Individual retirement accounts provide a temporary tax shelter for your retirement nest egg because you do not have to pay taxes on your earnings until you make withdrawals from the account. You can grow your money even faster by depositing funds into your IRA on a pre-tax basis. However, rules exist that both limit IRA contributions in general and your ability to deduct these contributions from your taxable earnings.
IRA contributions are subject to annual contribution limits. As of 2012, people under 50 can make annual contributions of up to $5,000 into IRA accounts, while people over that age can contribute up to $6,000. Your contribution cannot exceed the lesser of these age-based caps and your taxable income for the year. Significantly, the contribution cap applies to both your traditional IRA contributions and your after-tax Roth IRA contributions.

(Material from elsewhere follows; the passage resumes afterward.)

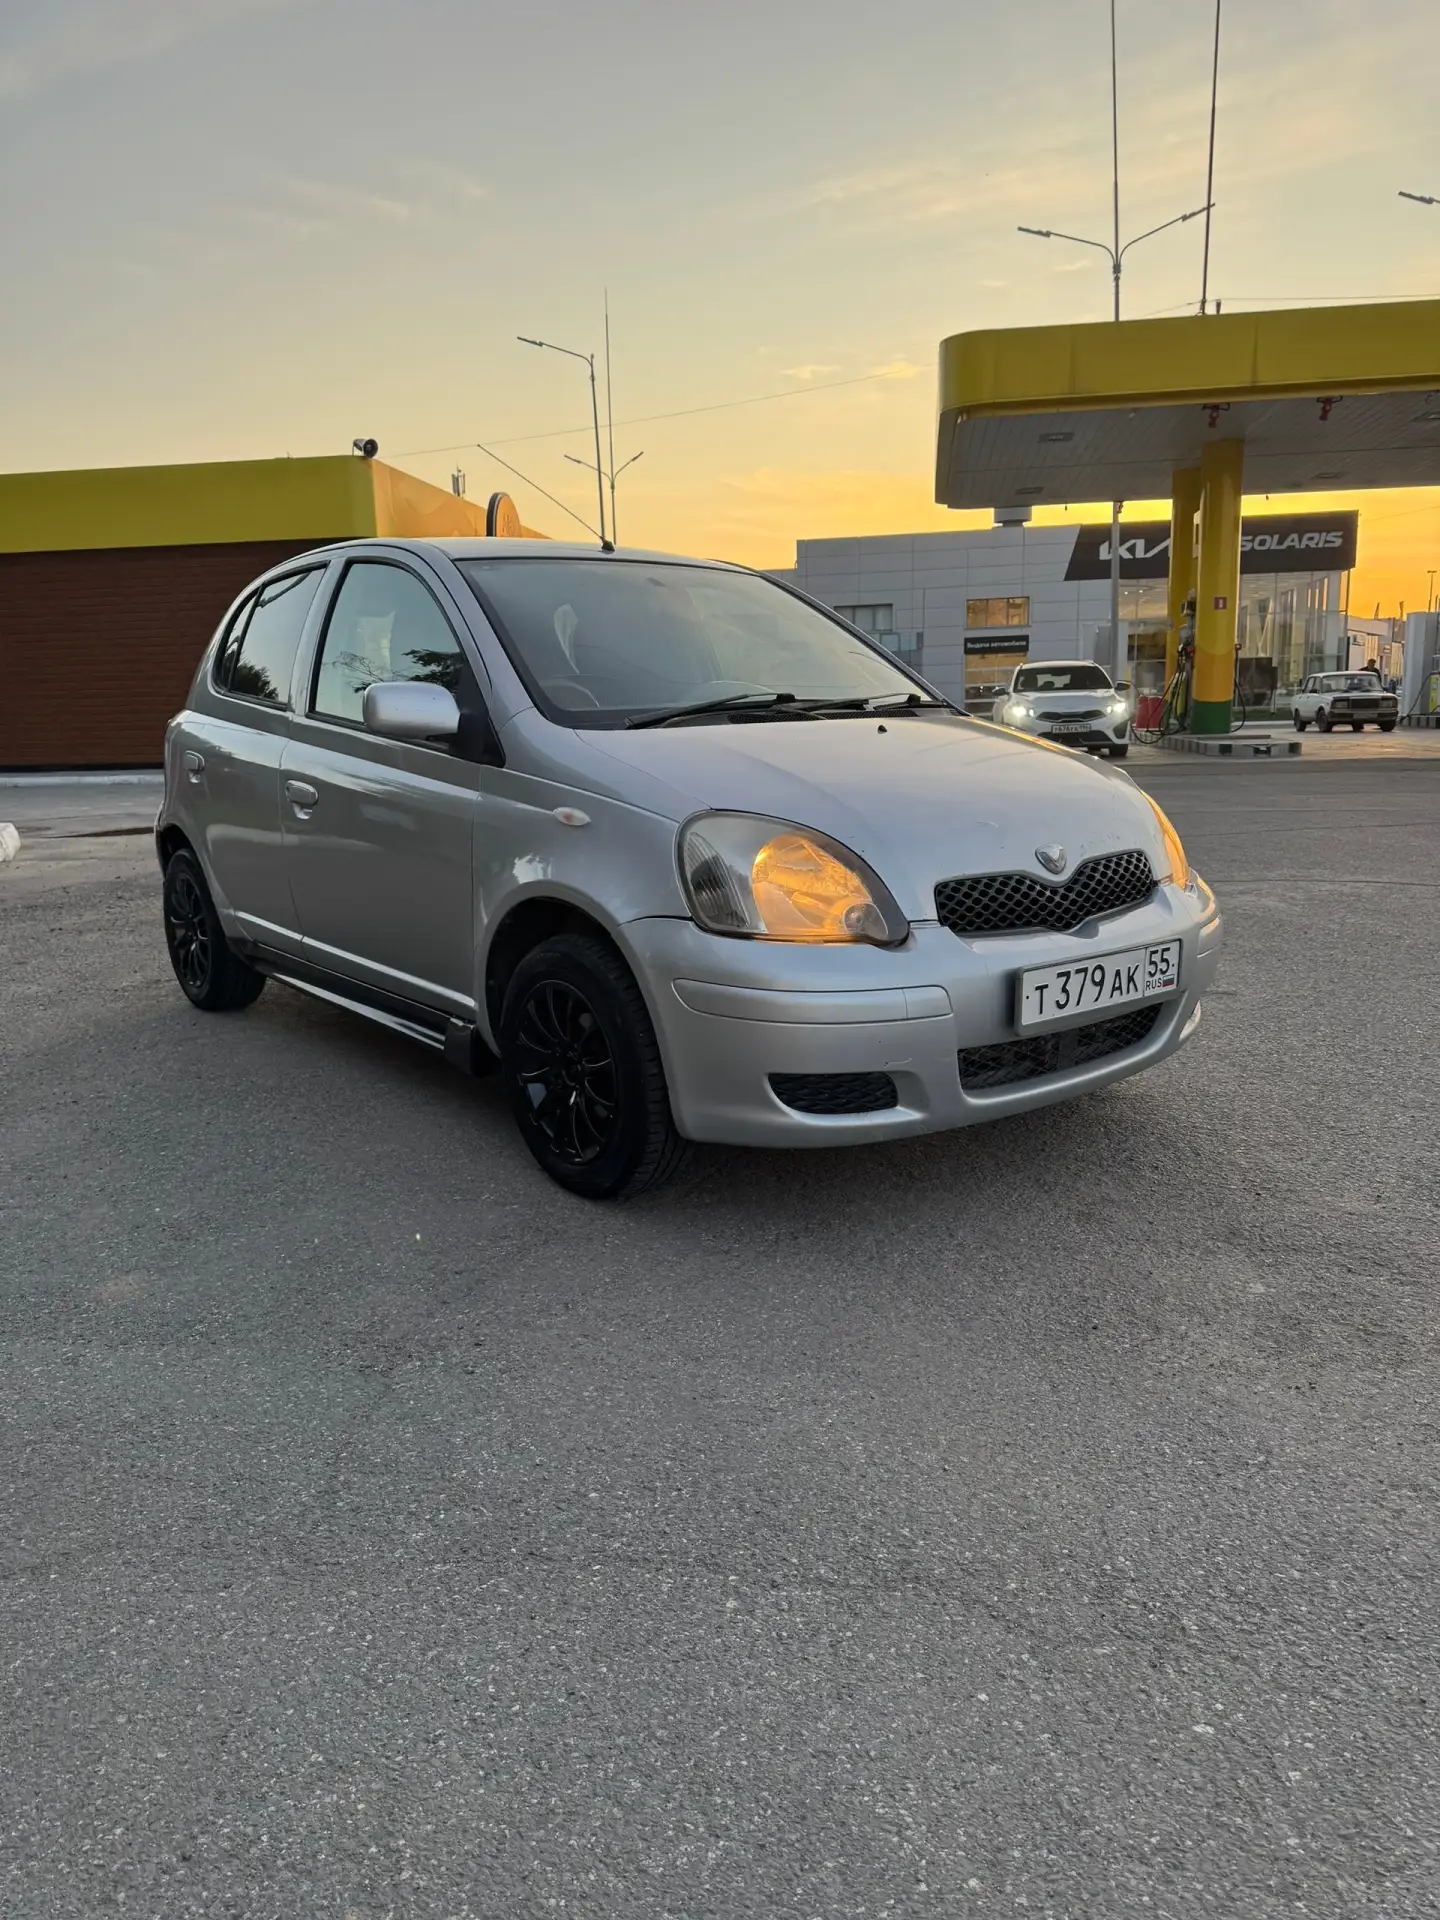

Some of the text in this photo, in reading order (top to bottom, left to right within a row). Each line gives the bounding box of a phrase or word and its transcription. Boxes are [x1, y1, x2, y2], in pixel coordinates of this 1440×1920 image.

If you are under the age of 50 and deposit $5,000 into your Roth, then you cannot put any money into a traditional IRA during the same tax year.
Contributions to traditional IRAs are fully tax-deductible if you are single and do not have access to a retirement plan like 401(k) through your employer. If you are married, you can make a full tax-deductible contribution to a traditional IRA if neither you nor your spouse has access to a retirement plan through employers. If you are married but file your taxes separately, as of 2012, you cannot make a tax-deductible contribution if your adjusted gross income exceeds $10,000. As of 2012, you can make a full non-deductible IRA contribution even if your spouse has access to a retirement plan at work as long as your AGI does not exceed $173,000.
As a single taxpayer as of 2012, your IRA contributions are tax-deductible if you have access to an employer-sponsored retirement plan but an AGI of $58,000 or less. You can make a partially tax-deductible contribution if your AGI does not exceed $67,999. If you file jointly and you have access to a retirement plan at work, then your contributions are tax-deductible if your AGI does not exceed $92,000. You can make a partially deductible contributions as a married person filing jointly if your AGI falls below $112,000.
You are responsible for keeping track of your taxable and non-taxable contributions to your IRAs. If you co-mingle pre- and after-tax contributions then the entire amount inside the account becomes fully taxable. If you keep the contribution types separate, then you do not have to pay taxes on your return of principal from your non-deductible contributions. The earnings on both your deductible and non-deductible traditional IRA contributions are fully taxable and subject to a 10 percent premature withdrawal penalty if accessed prior to you reaching the age of 59 1/2.
- Internal Revenue Service: Individual Retirement Arrangements (IRAs)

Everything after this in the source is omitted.